Doctors, who would administer this drug and be paid a percentage of the drug’s high price by Medicare for that work, may face financial incentives to say yes when patients ask for it.
“The implications of this one drug and the associated set of procedures are enormous,” said Rachel Sachs, a law professor at Washington University in St. Louis and an author of a recent essay in The Atlantic asserting that the drug could “break American health care.”
Private insurers may erect roadblocks to treatment, requiring patients to get additional tests or prove that other options haven’t worked. But in normal circumstances, Medicare covers drugs that are approved by the F.D.A. Medicare decides what drugs to cover based on whether they are “reasonable and necessary,” not on how much they cost.
Medicare is initially required to pay for this type of drug at its list price in addition to a 3 percent fee to the doctor who gives it. And then, after about a year on the market, it pays the average sales price plus 6 percent. For drugs with competition, that average price can be substantially lower than the sticker price. But for a drug like Aduhelm, which is the first of its kind, the drugmaker may not offer doctors discounts.
Medicare, which covers 61 million Americans 65 and over, does have some tools to contain costs. It could decide to cover the drug in a way that is more limited than the F.D.A. approval, a break from its normal practice.
Or it could do something even more unusual: An unexpected alliance of advocates has suggested that Medicare put the drug into a randomized experiment to evaluate how well it works — paying to cover the drug in some parts of the country, but not others. Such policy experiments were authorized under the Affordable Care Act, but one has never been used to limit coverage of a drug in this way.
Other countries will most likely control the cost of Aduhelm by negotiating with Biogen for a lower price, or simply decline to buy it at all. Most will consider the drug’s effectiveness when deciding what they are willing to pay. So far, the drug has not been approved for use anywhere else in the world.

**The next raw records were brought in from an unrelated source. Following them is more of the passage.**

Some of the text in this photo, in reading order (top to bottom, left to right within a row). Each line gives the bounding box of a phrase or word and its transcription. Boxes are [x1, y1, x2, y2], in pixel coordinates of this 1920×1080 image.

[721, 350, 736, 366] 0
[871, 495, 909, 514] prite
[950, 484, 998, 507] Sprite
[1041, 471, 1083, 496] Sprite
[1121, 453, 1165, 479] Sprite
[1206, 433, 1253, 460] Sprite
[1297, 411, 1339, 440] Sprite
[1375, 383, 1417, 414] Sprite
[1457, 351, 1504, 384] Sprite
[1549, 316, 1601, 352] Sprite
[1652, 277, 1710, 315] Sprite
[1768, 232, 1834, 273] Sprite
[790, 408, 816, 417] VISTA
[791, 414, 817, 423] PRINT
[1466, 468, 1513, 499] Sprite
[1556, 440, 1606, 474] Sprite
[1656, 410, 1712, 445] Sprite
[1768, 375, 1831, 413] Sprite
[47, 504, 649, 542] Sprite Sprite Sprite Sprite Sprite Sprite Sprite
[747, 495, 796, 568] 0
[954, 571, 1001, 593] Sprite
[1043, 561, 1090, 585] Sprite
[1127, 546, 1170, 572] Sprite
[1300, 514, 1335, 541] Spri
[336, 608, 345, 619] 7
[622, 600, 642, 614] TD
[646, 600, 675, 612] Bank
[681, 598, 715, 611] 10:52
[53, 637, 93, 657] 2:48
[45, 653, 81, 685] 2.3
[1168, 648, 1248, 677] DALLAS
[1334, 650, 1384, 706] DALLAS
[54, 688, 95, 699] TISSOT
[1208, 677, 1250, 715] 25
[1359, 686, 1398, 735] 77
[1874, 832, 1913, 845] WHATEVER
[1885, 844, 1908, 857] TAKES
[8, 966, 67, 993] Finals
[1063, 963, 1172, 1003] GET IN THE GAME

Medicare can’t do that. Because of the way it pays for drugs under current law, it has no way to bargain down the price. Democrats increasingly support legislation to change that. The House passed legislation in 2019 that would give Medicare the authority to negotiate some prices, but it died in the Senate. Legislators reintroduced the same bill in the House in April.
President Biden supports allowing Medicare to negotiate drug prices but did not include the policy in his proposed American Families Plan.

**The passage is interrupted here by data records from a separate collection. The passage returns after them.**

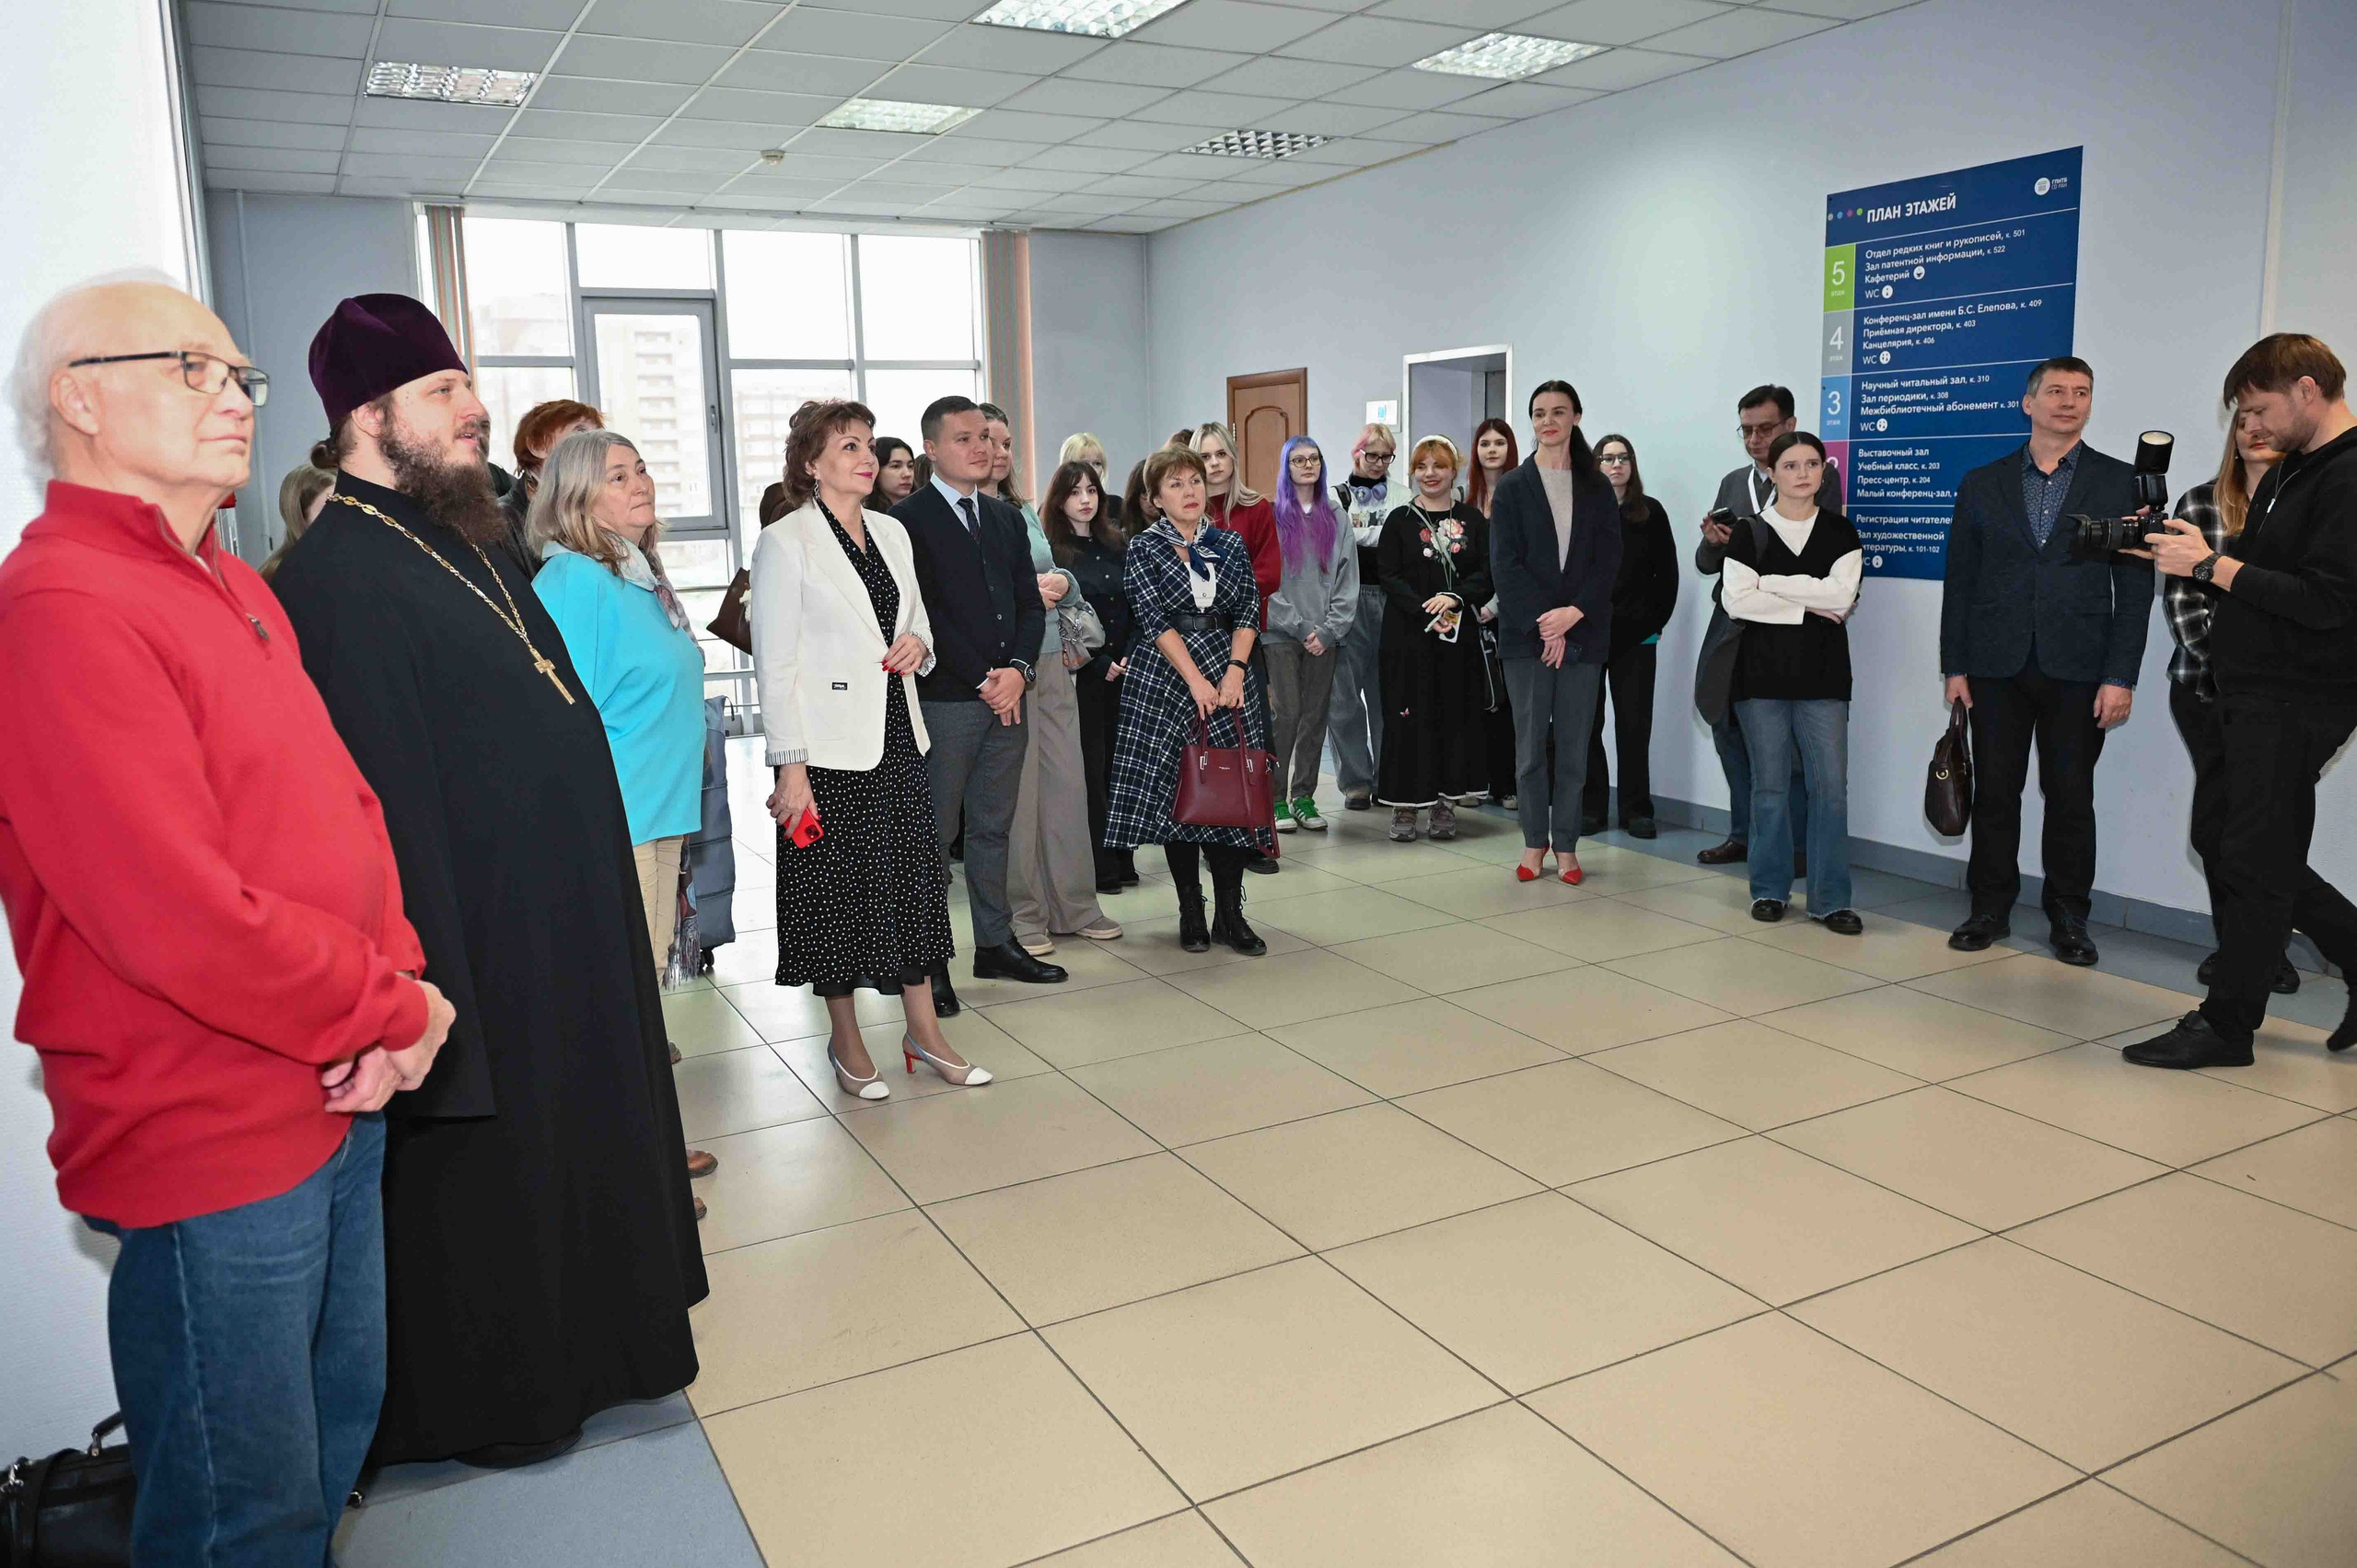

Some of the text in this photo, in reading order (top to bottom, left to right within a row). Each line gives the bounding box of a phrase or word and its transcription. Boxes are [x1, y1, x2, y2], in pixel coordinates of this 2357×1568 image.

[1867, 192, 1956, 224] ПЛАН ЭТАЖЕЙ
[1865, 249, 1891, 261] Отдел
[1893, 244, 1923, 258] редких
[1925, 241, 1944, 251] книг
[1954, 231, 2003, 249] рукописей,
[2013, 229, 2026, 238] 501
[1865, 262, 1880, 272] Зал
[1882, 256, 1924, 270] патентной
[1926, 247, 1985, 266] информации,
[1993, 246, 2005, 254] 522
[1832, 261, 1846, 285] 5
[1864, 270, 1910, 285] Кафетерий
[1865, 289, 1879, 298] WC
[1864, 311, 1927, 326] Конференц-зал
[1928, 308, 1956, 319] имени
[1958, 304, 1976, 316] Б.С.
[1978, 302, 2018, 314] Елепова,
[2028, 299, 2042, 308] 409
[1864, 326, 1905, 338] Приёмная
[1906, 322, 1954, 336] директора,
[1964, 319, 1976, 328] 403
[1829, 326, 1844, 351] 4
[1863, 338, 1914, 352] Канцелярия,
[1863, 355, 1877, 365] WC
[1862, 379, 1898, 391] Научный
[1900, 376, 1947, 388] читальный
[1950, 376, 1968, 386] зал,
[1978, 375, 1990, 383] 310
[1828, 390, 1841, 415] 3
[1862, 394, 1876, 403] Зал
[1878, 392, 1928, 404] периодики,
[1861, 402, 1945, 416] Межбиблиотечный
[1946, 401, 1998, 412] абонемент
[2007, 401, 2019, 409] 301
[1860, 422, 1875, 432] WC
[1858, 447, 1929, 458] Выставочный зал
[1857, 462, 1893, 471] Учебный
[1857, 475, 1910, 486] Пресс-центр,
[1857, 489, 1885, 498] Малый
[1887, 489, 1952, 499] конференц-зал,
[1856, 515, 1909, 525] Регистрация
[1857, 529, 1945, 541] Зал художественной
[1862, 544, 1907, 554] итературы,

Dr. Pearson of ICER has estimated that if the new drug’s effectiveness were taken into account, a fair price would be $2,500 to $8,300.

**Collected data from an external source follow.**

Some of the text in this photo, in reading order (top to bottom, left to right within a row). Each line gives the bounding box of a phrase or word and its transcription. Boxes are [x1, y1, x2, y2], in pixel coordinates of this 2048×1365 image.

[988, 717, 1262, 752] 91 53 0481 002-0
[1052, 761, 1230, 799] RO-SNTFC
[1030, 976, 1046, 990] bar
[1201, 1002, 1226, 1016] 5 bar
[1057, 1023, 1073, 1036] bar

“It will be interesting to see if this starts a discussion about fair pricing in the United States,” he said. “To most people’s eyes, this looks like an outstanding example of a price that just does not match up with the evidence.”
Methodology: Estimated current spending on Medicare Part B drugs was drawn from the Centers for Medicare and Medicaid Services Part B Drug Spending Dashboard, and adjusted up by 54 percent to account for Medicare beneficiaries enrolled in Medicare Advantage plans. Because of the demographics of who is in which program, this assumption may overestimate current drug spending.)
Medicare Part D drug spending was drawn directly from the C.M.S. Part D Drug Spending Dashboard, and may represent an overestimate because those numbers do not include all rebates paid to drug plans.
The high Aduhelm spending estimate comes from a Kaiser Family Foundation paper. The low estimate is derived from a total sales estimate from Cowen and Company, and adjusted to account for an estimated 80 percent of Alzheimer’s patients early in their disease enrolled in Medicare — and Medicare’s initial 3 percent payment to doctors for overhead and administration.